He seemed exhausted though, his eyes unfocused and drifting, and Keith's mouth pressed sideways. "Hey, Shiro?"

"Mm?"

"How about we get you changed, alright?"

Shiro nodded, then again more vehemently, grabbing the grubby brown sack he wore and tugging it, with no small amount of difficulty over his head. 

Breath stuttered in his lungs. Had... Had Shiro only gotten  _more_  muscular while he was away? What... What had  _happened_ while Keith wasn't there to look after him? Scars criss-crossed across the broad planes of Shiro's chest and abdomen, some small and familiar, others large and a still-healing pink, like the one across his nose. Keith licked his lips, looked away. Not the time.

But for once, he could be grateful for two boxes, for the cruel turn of fate the Garrison had bestowed on him. Keith dug in the one of Shiro's clothes and pulled out a frequently worn sleep shirt, one of Shiro's favorites from before.
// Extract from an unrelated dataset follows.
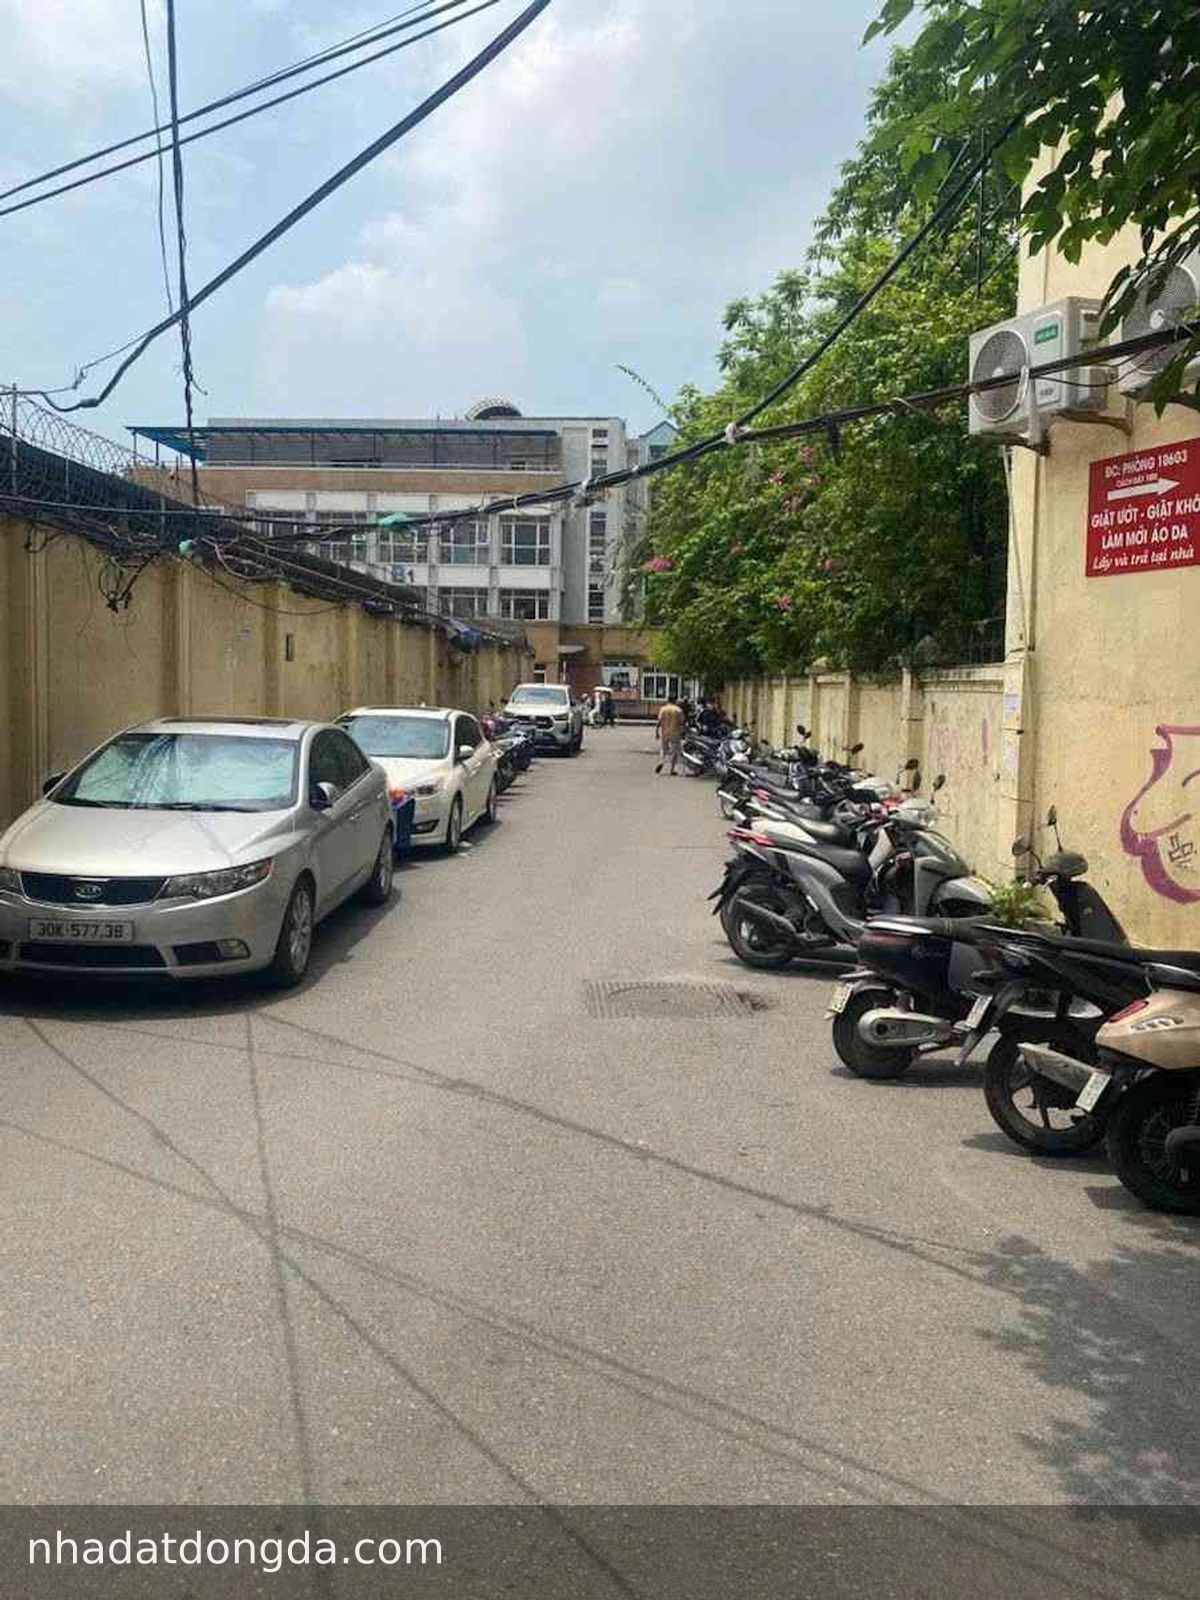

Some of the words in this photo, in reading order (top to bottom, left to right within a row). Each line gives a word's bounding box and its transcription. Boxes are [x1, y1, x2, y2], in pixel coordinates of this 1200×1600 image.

He got Shiro changed, settled onto his side with a murmur of comfort, and when Shiro drifted off into an exhausted, half-sedated sleep, Keith made himself comfortable. The noises of other, unfamiliar people filled up every atom of air, louder than Keith had dealt with in months.

It was a long ways still until dawn, and he would not move an inch.

He wouldn't stop watching. Not again.

 

* * *

 

Keith came to with a start when he almost slipped off his chair. Heart pounding, he righted himself, looked around. The cadets were all still asleep, worn out, and Keith marked them, one, two, three, quickly, before dismissing them. They had helped, as much as they had also gotten in the way, and they weren't really his concern.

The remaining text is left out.